Exercise brief =>
Reproduce the entries that follow exactly, dropping each image.
++++
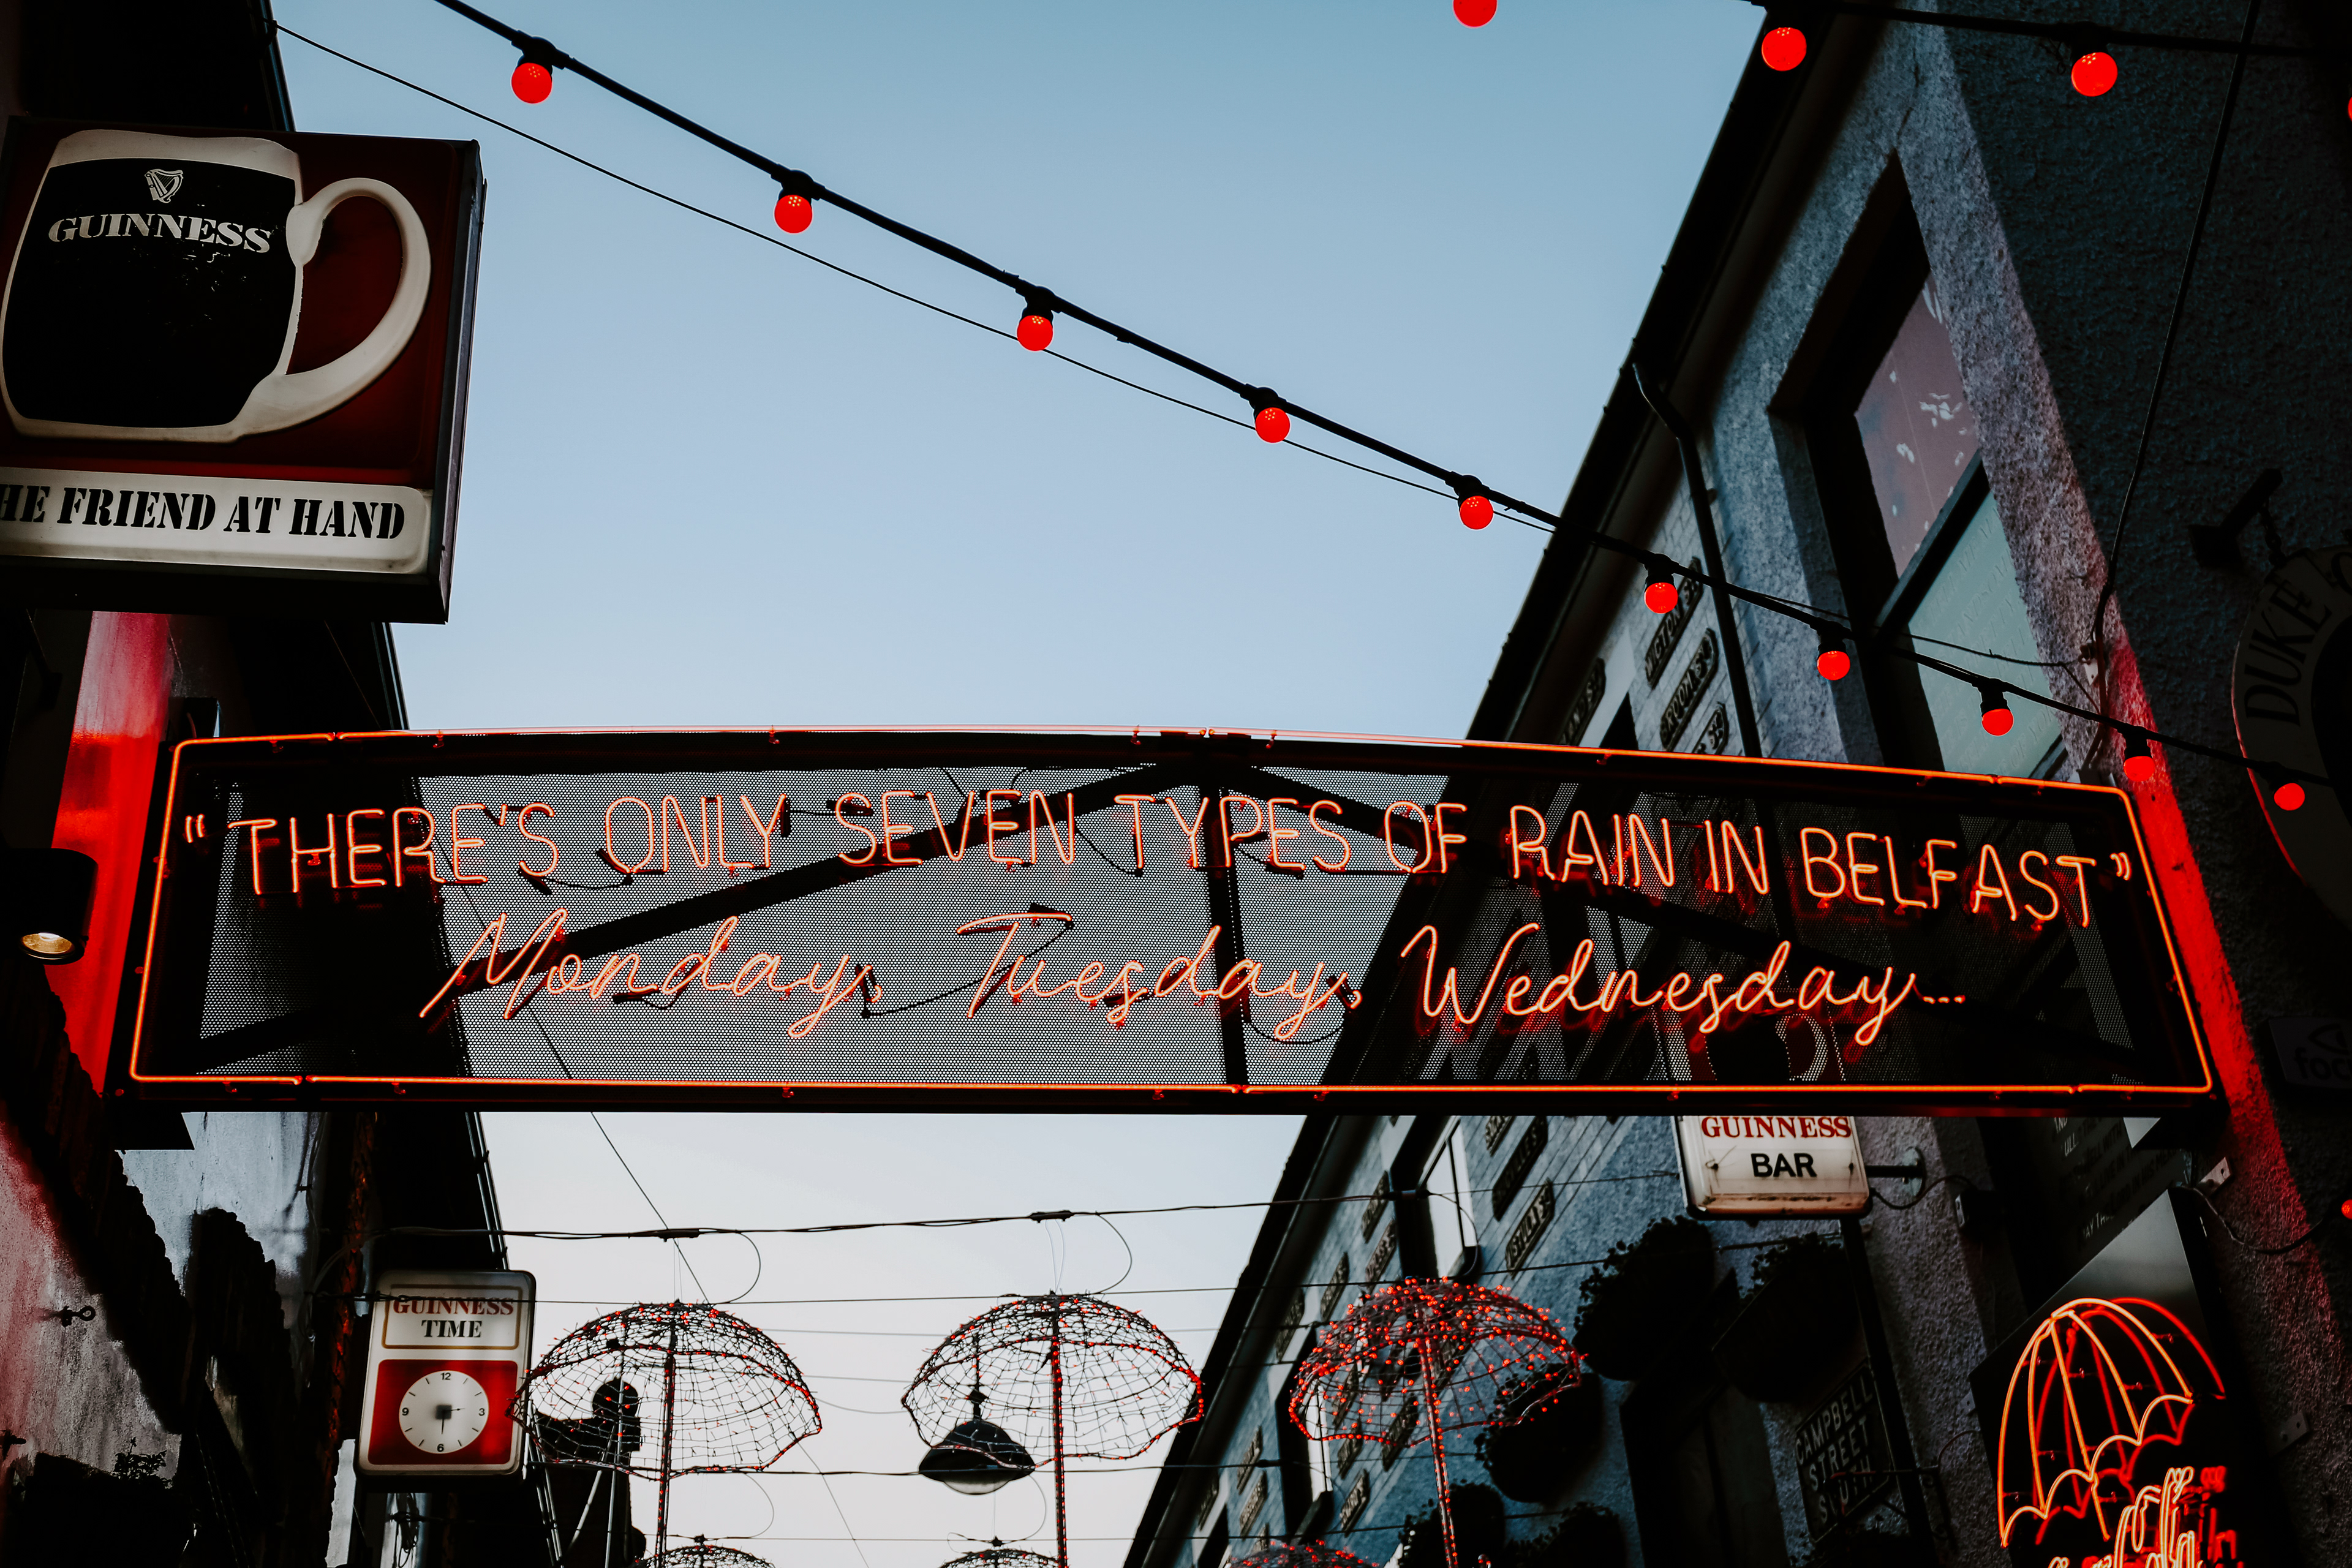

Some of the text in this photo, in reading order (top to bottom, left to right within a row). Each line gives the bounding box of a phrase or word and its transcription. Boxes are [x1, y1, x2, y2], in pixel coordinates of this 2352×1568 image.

[48, 213, 271, 254] GUINNESS
[0, 483, 405, 540] HE FRIEND AT HAND
[2244, 578, 2332, 728] DUKE
[605, 794, 787, 875] ONLY
[834, 789, 1076, 867] SEVEN
[1114, 796, 1351, 871] TYPES
[1384, 800, 1468, 873] OF
[1510, 805, 1675, 887] RAIN
[1704, 819, 1769, 895] IN
[1800, 827, 2132, 927] BELFAST"
[420, 908, 1967, 1046] Monday, Tuesday, Wednesday...
[1702, 1116, 1851, 1139] GUINNESS
[1751, 1153, 1817, 1177] BAR
[393, 1296, 514, 1316] GUINNESS
[421, 1319, 483, 1338] TIME
[440, 1372, 451, 1381] 12
[401, 1408, 486, 1417] 9 3
[1795, 1374, 1874, 1466] CAMPBELL
[437, 1444, 444, 1452] 6
[1809, 1414, 1868, 1492] STREET
++++
Final answer =>
Some of the text in this photo, in reading order (top to bottom, left to right within a row). Each line gives the bounding box of a phrase or word and its transcription. Boxes are [x1, y1, x2, y2], in pixel coordinates of this 2352×1568 image.

[48, 213, 271, 254] GUINNESS
[0, 483, 405, 540] HE FRIEND AT HAND
[2244, 578, 2332, 728] DUKE
[605, 794, 787, 875] ONLY
[834, 789, 1076, 867] SEVEN
[1114, 796, 1351, 871] TYPES
[1384, 800, 1468, 873] OF
[1510, 805, 1675, 887] RAIN
[1704, 819, 1769, 895] IN
[1800, 827, 2132, 927] BELFAST"
[420, 908, 1967, 1046] Monday, Tuesday, Wednesday...
[1702, 1116, 1851, 1139] GUINNESS
[1751, 1153, 1817, 1177] BAR
[393, 1296, 514, 1316] GUINNESS
[421, 1319, 483, 1338] TIME
[440, 1372, 451, 1381] 12
[401, 1408, 486, 1417] 9 3
[1795, 1374, 1874, 1466] CAMPBELL
[437, 1444, 444, 1452] 6
[1809, 1414, 1868, 1492] STREET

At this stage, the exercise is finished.